[[ Materials provided, beginning ]]

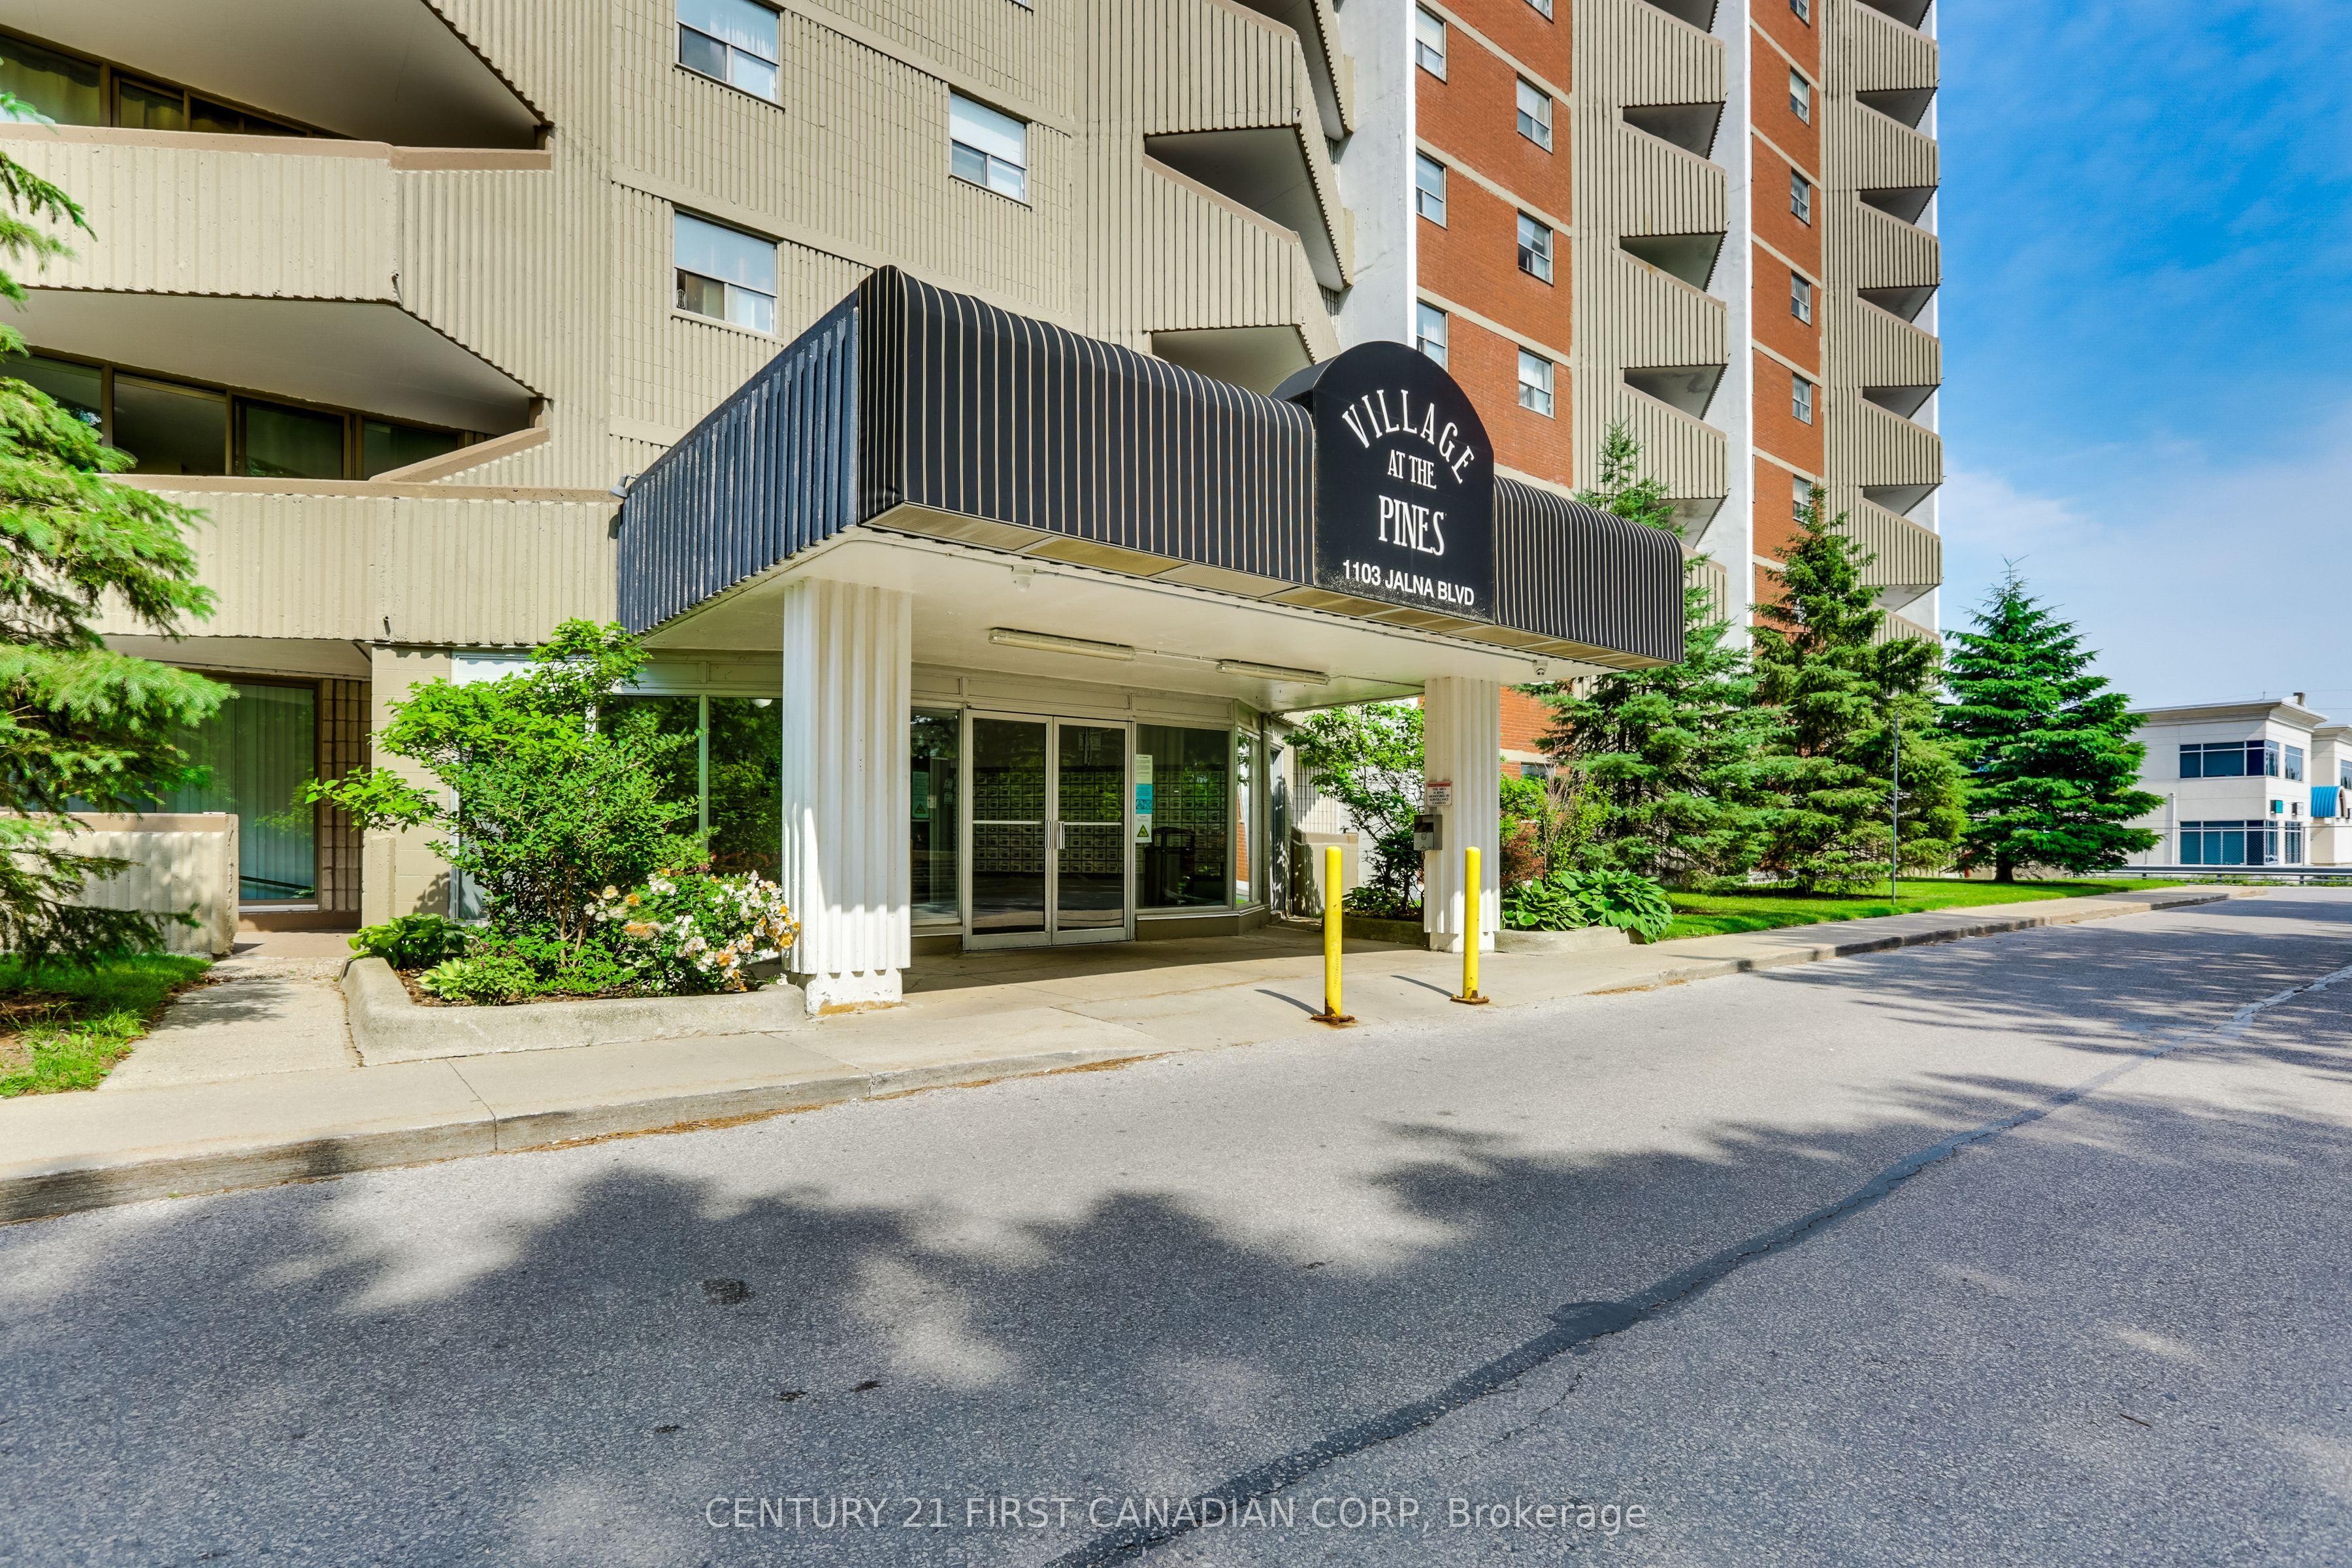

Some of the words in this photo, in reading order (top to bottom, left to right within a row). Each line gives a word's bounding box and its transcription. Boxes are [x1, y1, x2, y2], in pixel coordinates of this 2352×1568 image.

[1342, 389, 1475, 483] VILLAGE
[1387, 449, 1405, 479] AT
[1409, 455, 1437, 489] THE
[1378, 495, 1445, 556] PINES
[1343, 559, 1381, 586] 1103
[1385, 569, 1434, 598] JALNA
[1438, 580, 1475, 606] BLVD

[[ Materials provided, end ]]

=== Activity ===
Where a record above contains a picture, leave the picture out and transcribe everything else exactly.

=== Task result ===
Some of the words in this photo, in reading order (top to bottom, left to right within a row). Each line gives a word's bounding box and its transcription. Boxes are [x1, y1, x2, y2], in pixel coordinates of this 2352×1568 image.

[1342, 389, 1475, 483] VILLAGE
[1387, 449, 1405, 479] AT
[1409, 455, 1437, 489] THE
[1378, 495, 1445, 556] PINES
[1343, 559, 1381, 586] 1103
[1385, 569, 1434, 598] JALNA
[1438, 580, 1475, 606] BLVD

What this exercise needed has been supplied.